Fig 2.

PI3K inhibition decreases Brn-2 protein expression. (A) Western blot of 501mel, SKmel28, and A375 melanoma cells treated with LY294002 (25 μM) for 24 h. MEK inhibition (U0126; 10 μM) was used as a control, and Erk2 was used to ensure equal loading. (B) Western blot performed on SKmel28 cells treated with two different PI3K inhibitors (LY294002 at 25 μM or GDC-0941 at 10 μM) for 24 h using anti-Brn-2 and anti-p-S6 antibodies. β-Catenin was used as a loading control. (C) Relative expression of Brn-2 mRNA as determined using quantitative real-time RT-PCR from the indicated melanoma cell lines.
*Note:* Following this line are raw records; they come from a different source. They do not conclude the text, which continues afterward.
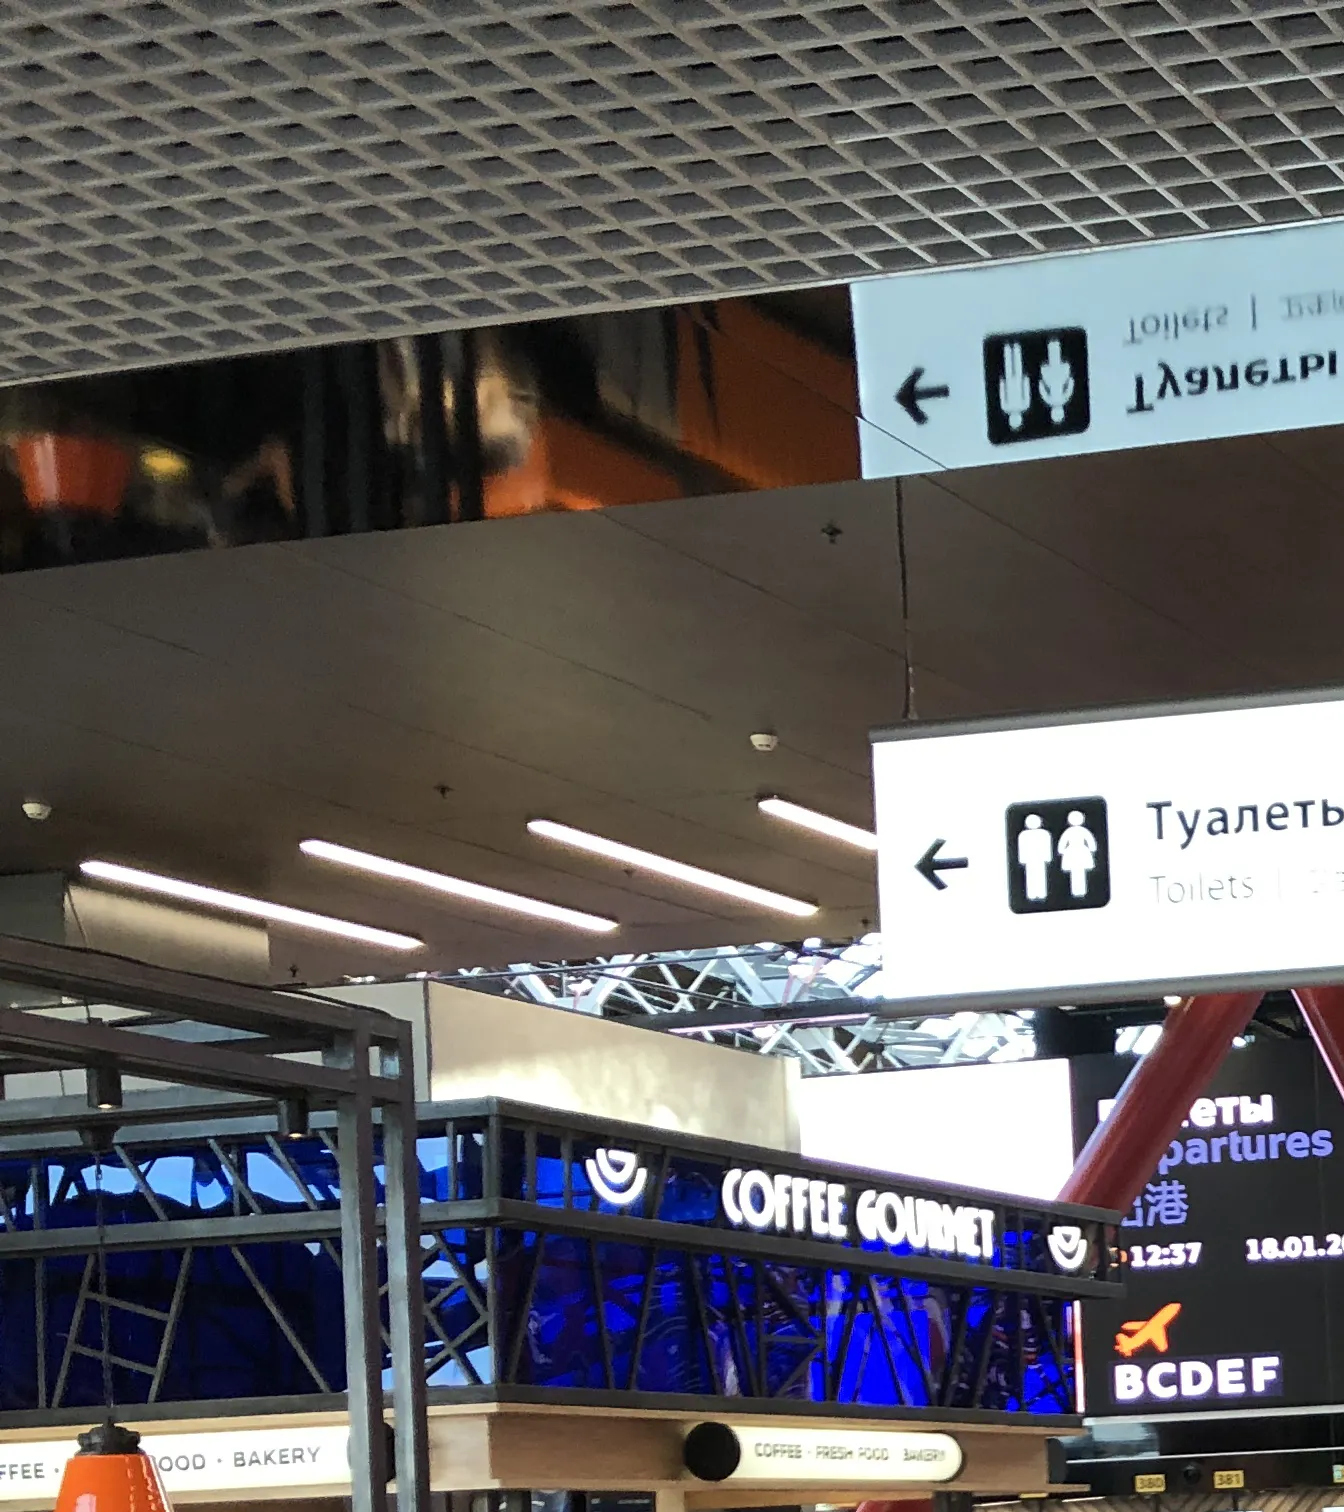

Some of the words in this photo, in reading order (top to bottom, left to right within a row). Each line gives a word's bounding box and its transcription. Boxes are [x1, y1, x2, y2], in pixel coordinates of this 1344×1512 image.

[1149, 871, 1255, 908] Toilets
[1158, 1130, 1334, 1174] partures
[722, 1168, 847, 1239] COFFEE
[856, 1189, 997, 1259] GOURMET
[1130, 1242, 1202, 1269] 12:37
[1114, 1357, 1280, 1401] BCDEF
[0, 1463, 45, 1480] FFEE
[159, 1453, 206, 1472] OOD
[234, 1447, 321, 1468] BAKERY
[754, 1442, 802, 1459] COFFEE
[816, 1445, 853, 1460] FRESH
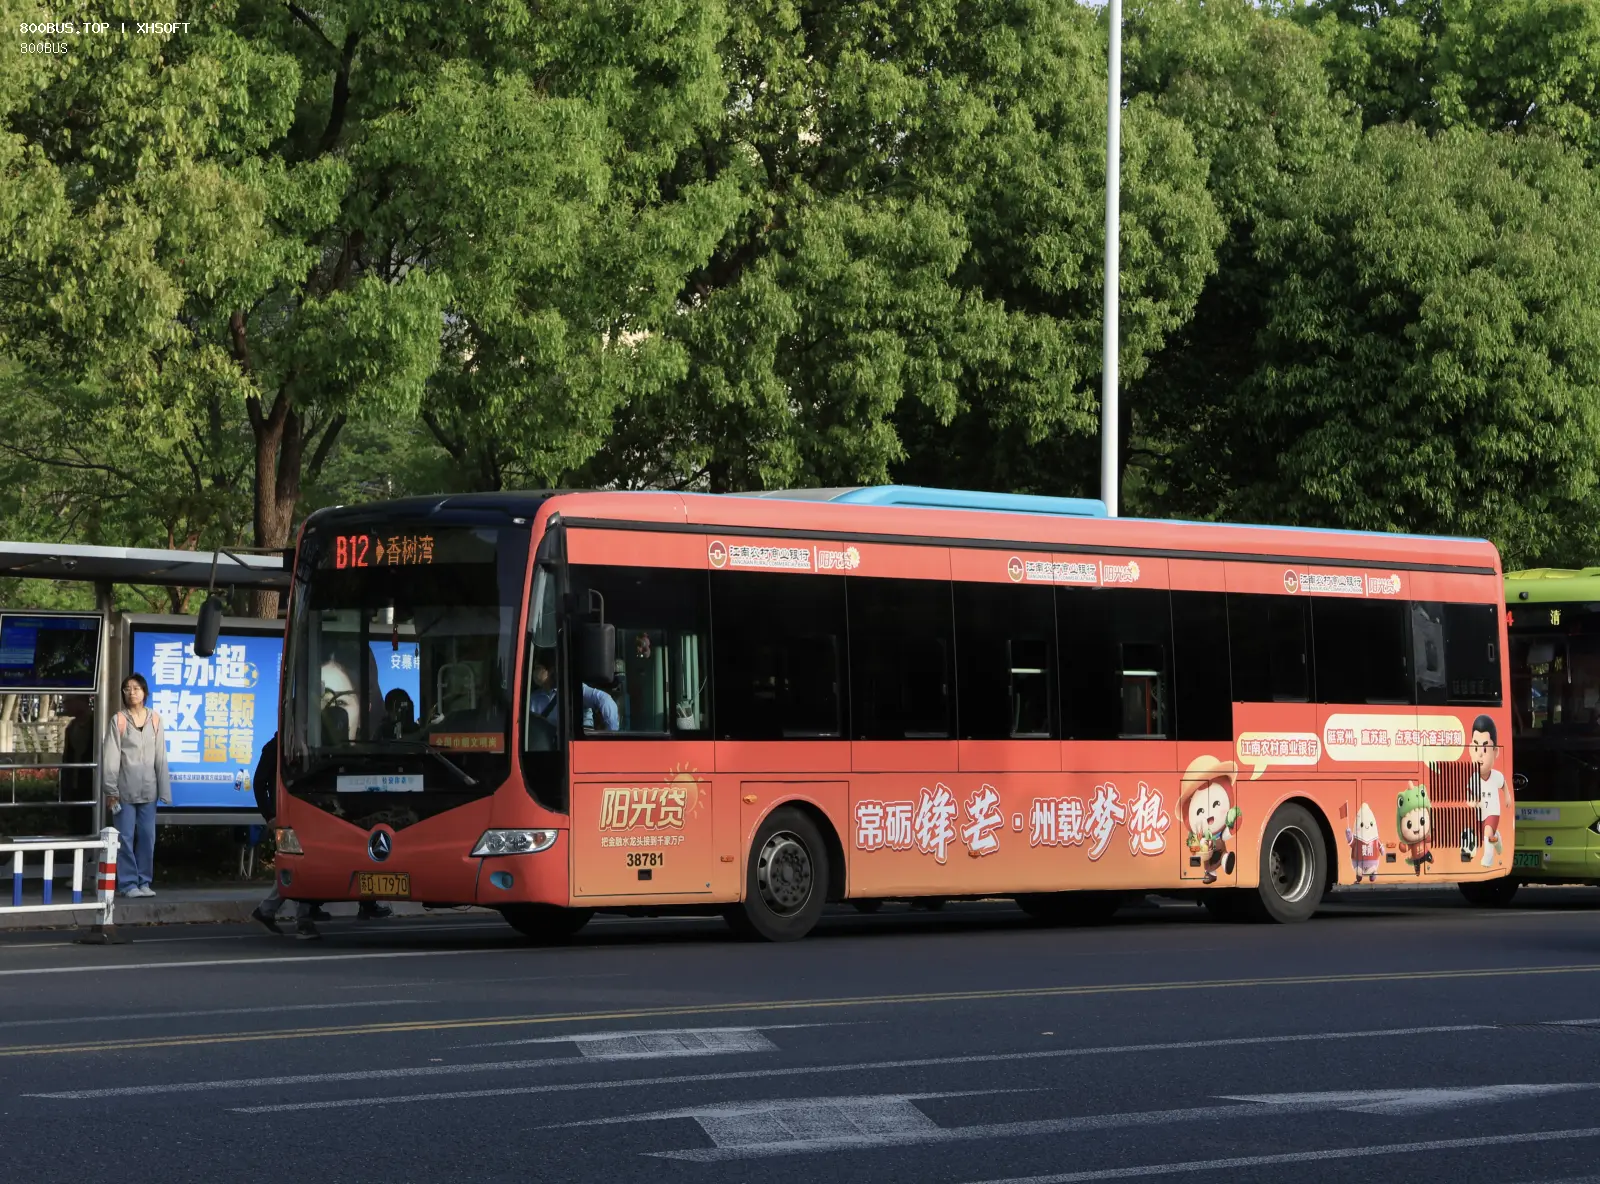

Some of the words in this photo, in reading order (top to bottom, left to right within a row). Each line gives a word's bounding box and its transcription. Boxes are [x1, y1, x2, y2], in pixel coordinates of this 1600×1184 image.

Values were normalized to those for GAPDH and ratios were established compared to DMSO treatment. (D) Schematic of the Brn-2 promoter showing the binding site for Lef1 (top). Shown is a luciferase assay of 501mel and SKmel28 cells transfected with a Brn-2-luciferase reporter and treated with LY294002 or DMSO. Columns represent means from three experiments; bars indicate SD; *, P < 0.05. (E) PI3K inhibition does not affect β-catenin cellular localization. Immunofluorescence performed on SKmel28 treated with LY294002, GDC-0941, or DMSO (Ctl) using a monoclonal mouse anti-β-catenin (green), a polyclonal goat anti-Brn2, and a polyclonal rabbit anti-p-S6 antibody. Nuclei were counterstained using DAPI.